++++ Given information

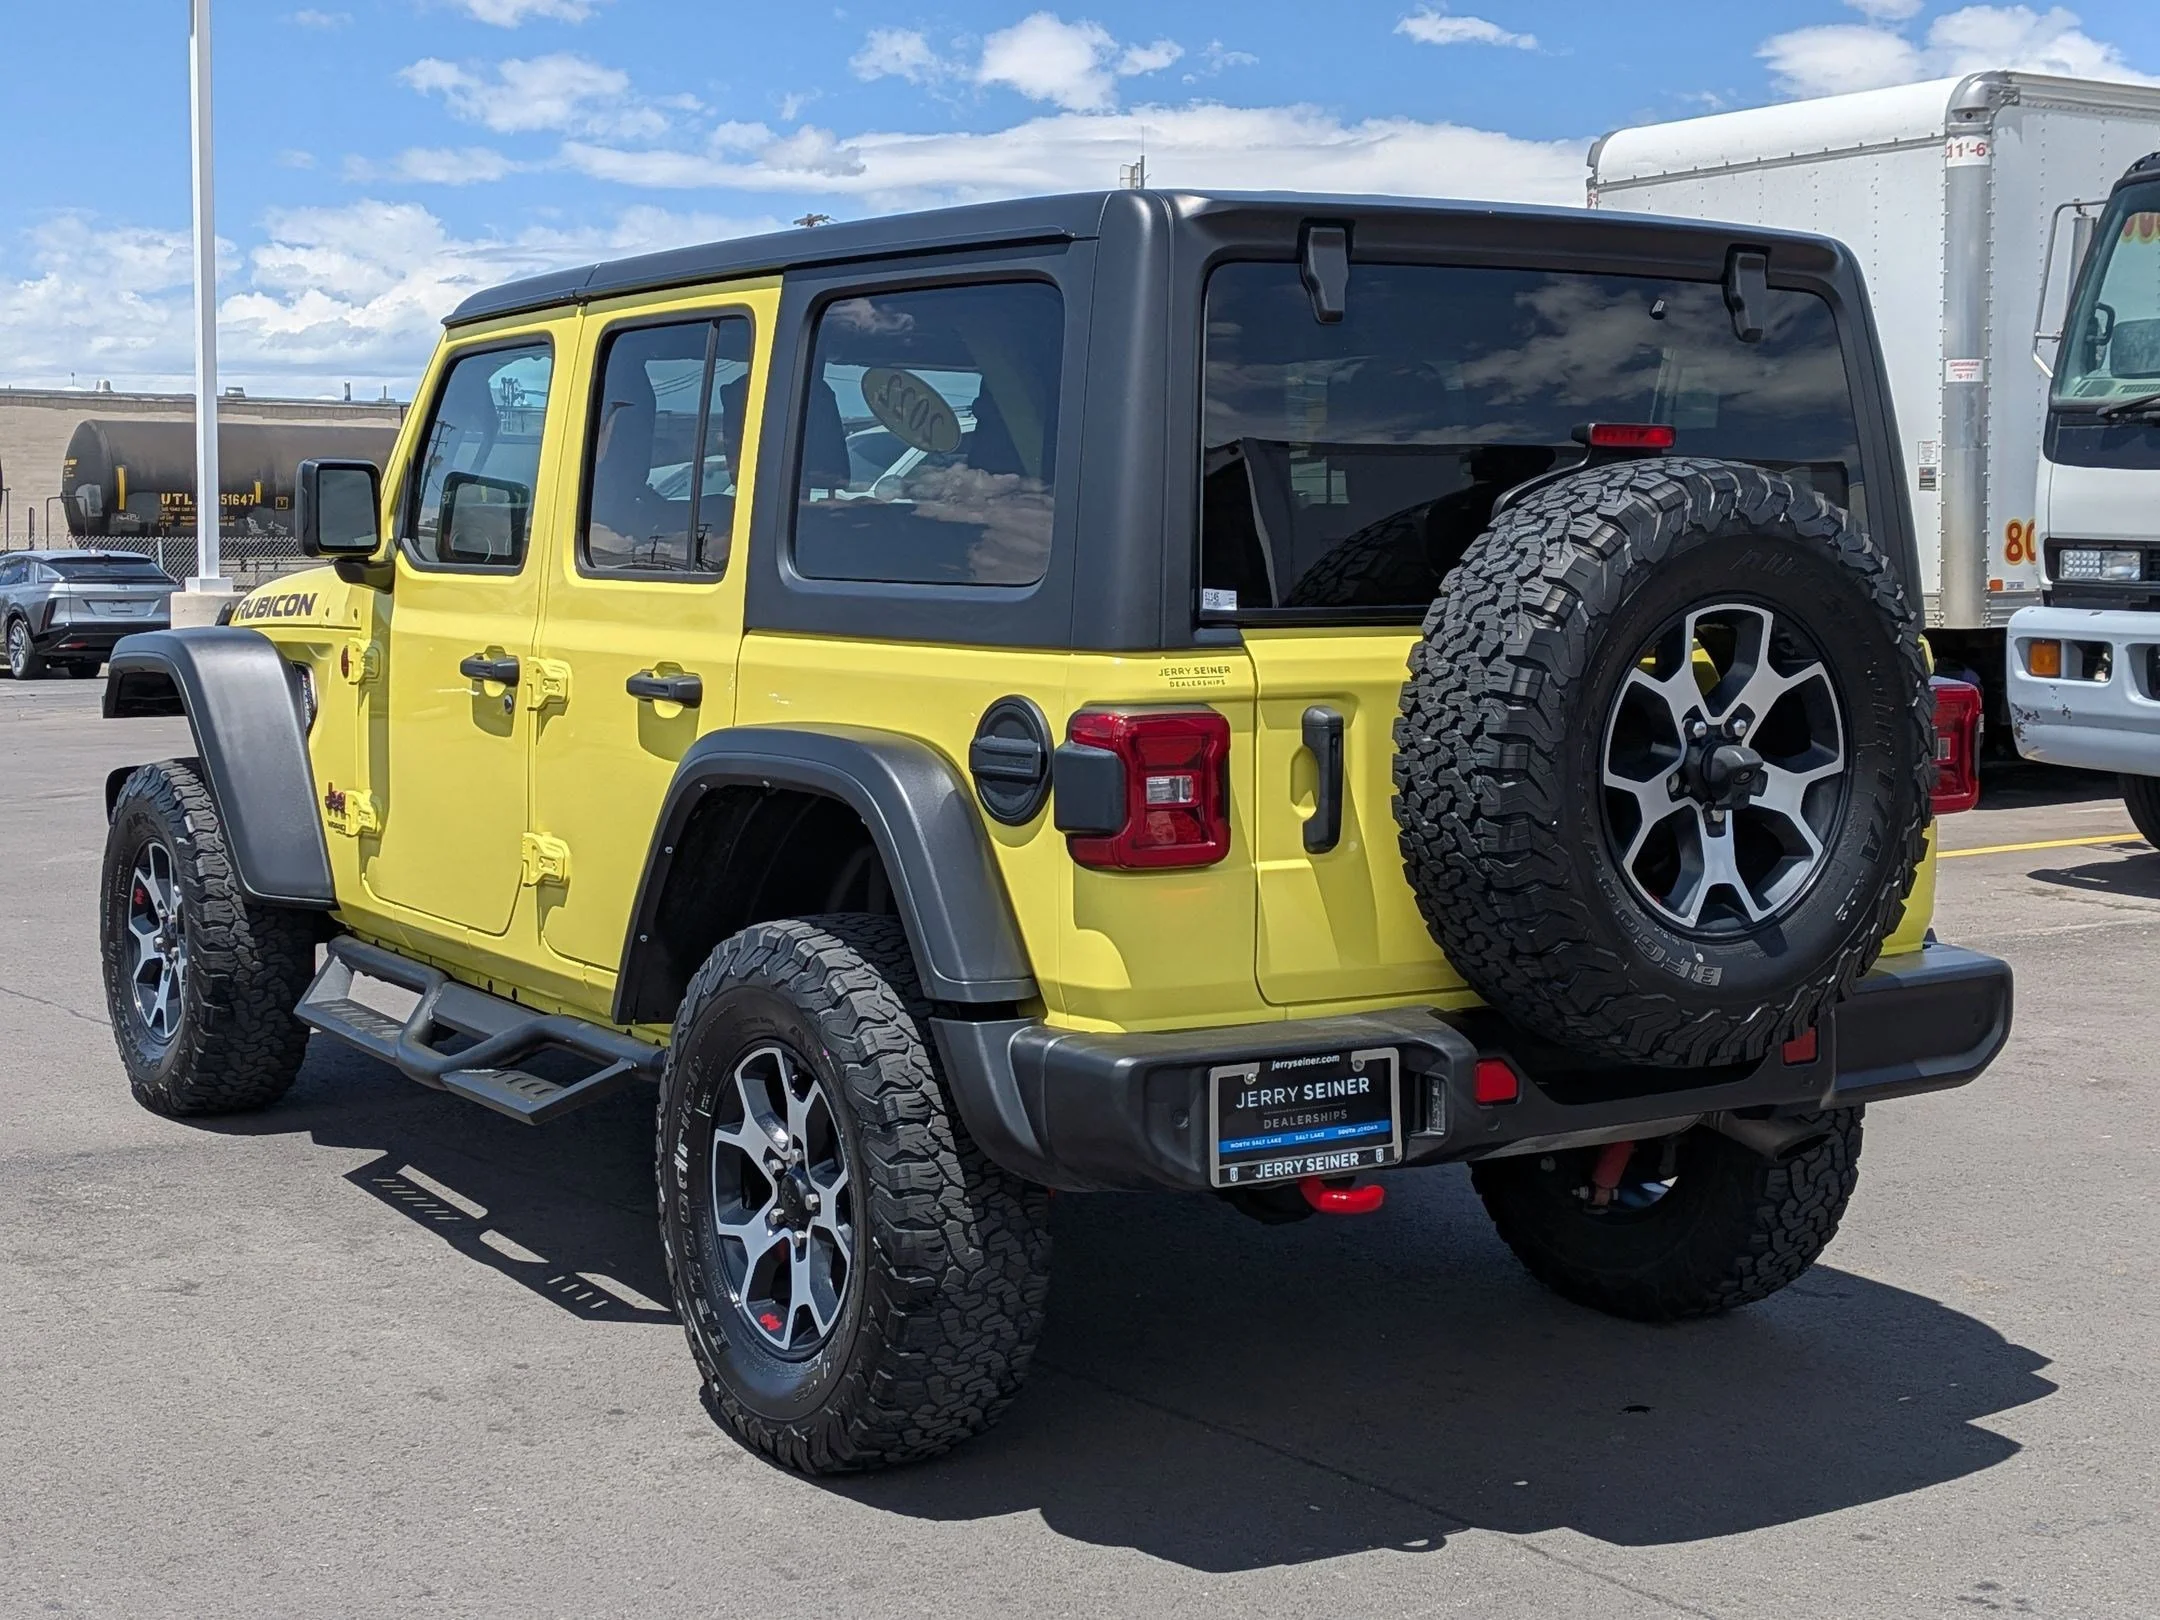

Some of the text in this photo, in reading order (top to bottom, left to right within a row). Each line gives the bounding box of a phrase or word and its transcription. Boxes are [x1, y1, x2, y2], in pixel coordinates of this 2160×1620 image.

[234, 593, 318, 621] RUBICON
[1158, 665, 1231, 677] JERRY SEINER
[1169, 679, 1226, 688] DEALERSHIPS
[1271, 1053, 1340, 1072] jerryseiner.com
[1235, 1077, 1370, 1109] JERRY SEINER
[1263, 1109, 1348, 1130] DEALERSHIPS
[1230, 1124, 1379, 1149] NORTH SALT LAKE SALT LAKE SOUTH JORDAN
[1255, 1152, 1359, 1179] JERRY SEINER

++++++++

_Exercise instructions_
Since the copy must contain no pictures, return only the text of the records, exactly as it stands.

_Answer section_
Some of the text in this photo, in reading order (top to bottom, left to right within a row). Each line gives the bounding box of a phrase or word and its transcription. Boxes are [x1, y1, x2, y2], in pixel coordinates of this 2160×1620 image.

[234, 593, 318, 621] RUBICON
[1158, 665, 1231, 677] JERRY SEINER
[1169, 679, 1226, 688] DEALERSHIPS
[1271, 1053, 1340, 1072] jerryseiner.com
[1235, 1077, 1370, 1109] JERRY SEINER
[1263, 1109, 1348, 1130] DEALERSHIPS
[1230, 1124, 1379, 1149] NORTH SALT LAKE SALT LAKE SOUTH JORDAN
[1255, 1152, 1359, 1179] JERRY SEINER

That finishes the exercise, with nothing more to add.